§ **Problem description**:
All of the data should be restated word for word, with the pictures omitted.

§ **Given data**:
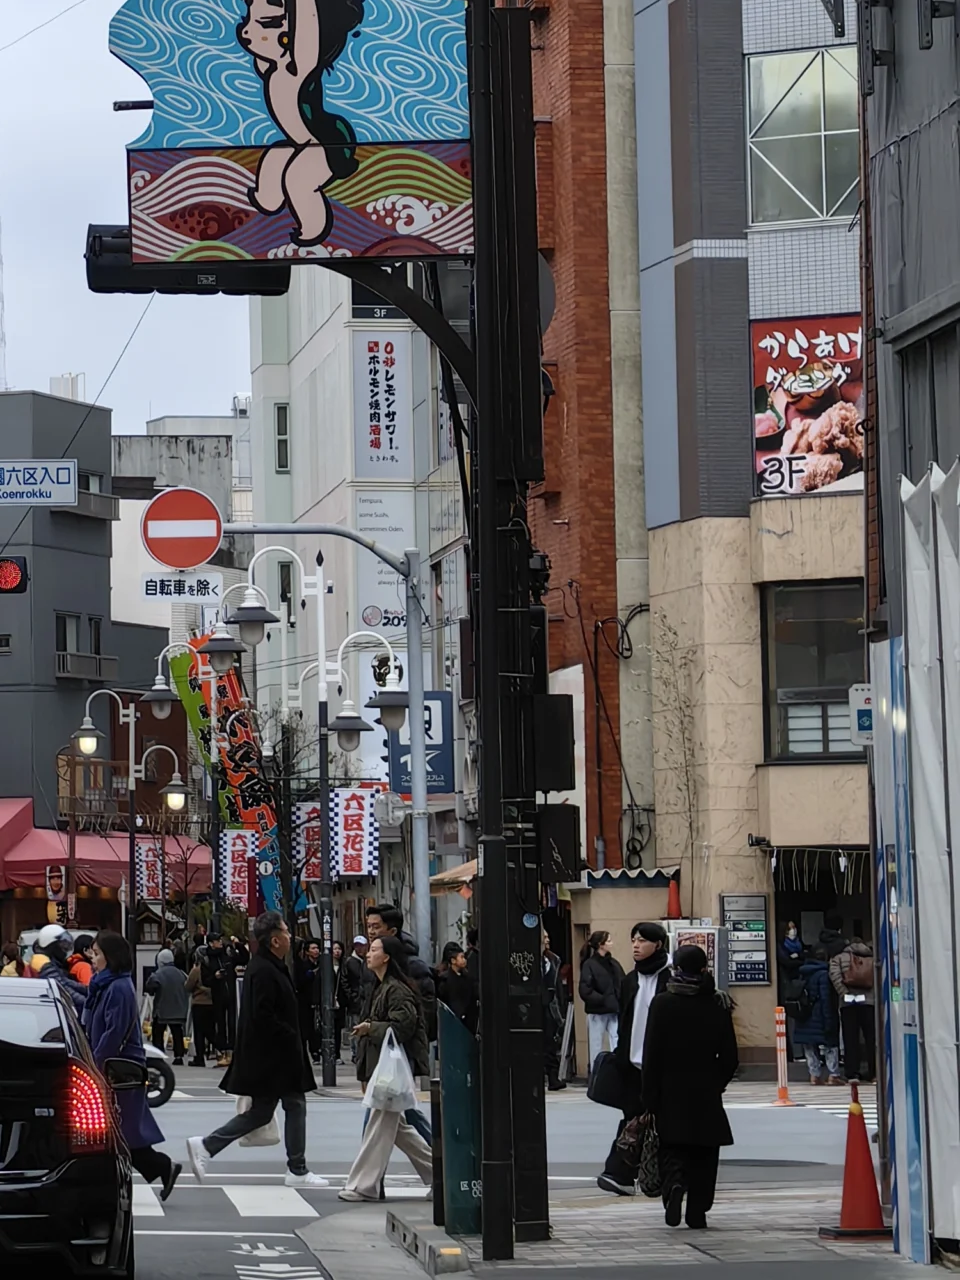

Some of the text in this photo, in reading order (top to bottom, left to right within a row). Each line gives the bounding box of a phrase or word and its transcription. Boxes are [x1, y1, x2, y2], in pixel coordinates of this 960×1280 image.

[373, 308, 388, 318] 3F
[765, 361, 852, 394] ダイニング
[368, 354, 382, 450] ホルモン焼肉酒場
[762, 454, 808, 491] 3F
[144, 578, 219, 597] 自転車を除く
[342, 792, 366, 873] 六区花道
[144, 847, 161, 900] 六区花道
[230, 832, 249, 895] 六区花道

§ **Exercise solution**:
Some of the text in this photo, in reading order (top to bottom, left to right within a row). Each line gives the bounding box of a phrase or word and its transcription. Boxes are [x1, y1, x2, y2], in pixel coordinates of this 960×1280 image.

[373, 308, 388, 318] 3F
[765, 361, 852, 394] ダイニング
[368, 354, 382, 450] ホルモン焼肉酒場
[762, 454, 808, 491] 3F
[144, 578, 219, 597] 自転車を除く
[342, 792, 366, 873] 六区花道
[144, 847, 161, 900] 六区花道
[230, 832, 249, 895] 六区花道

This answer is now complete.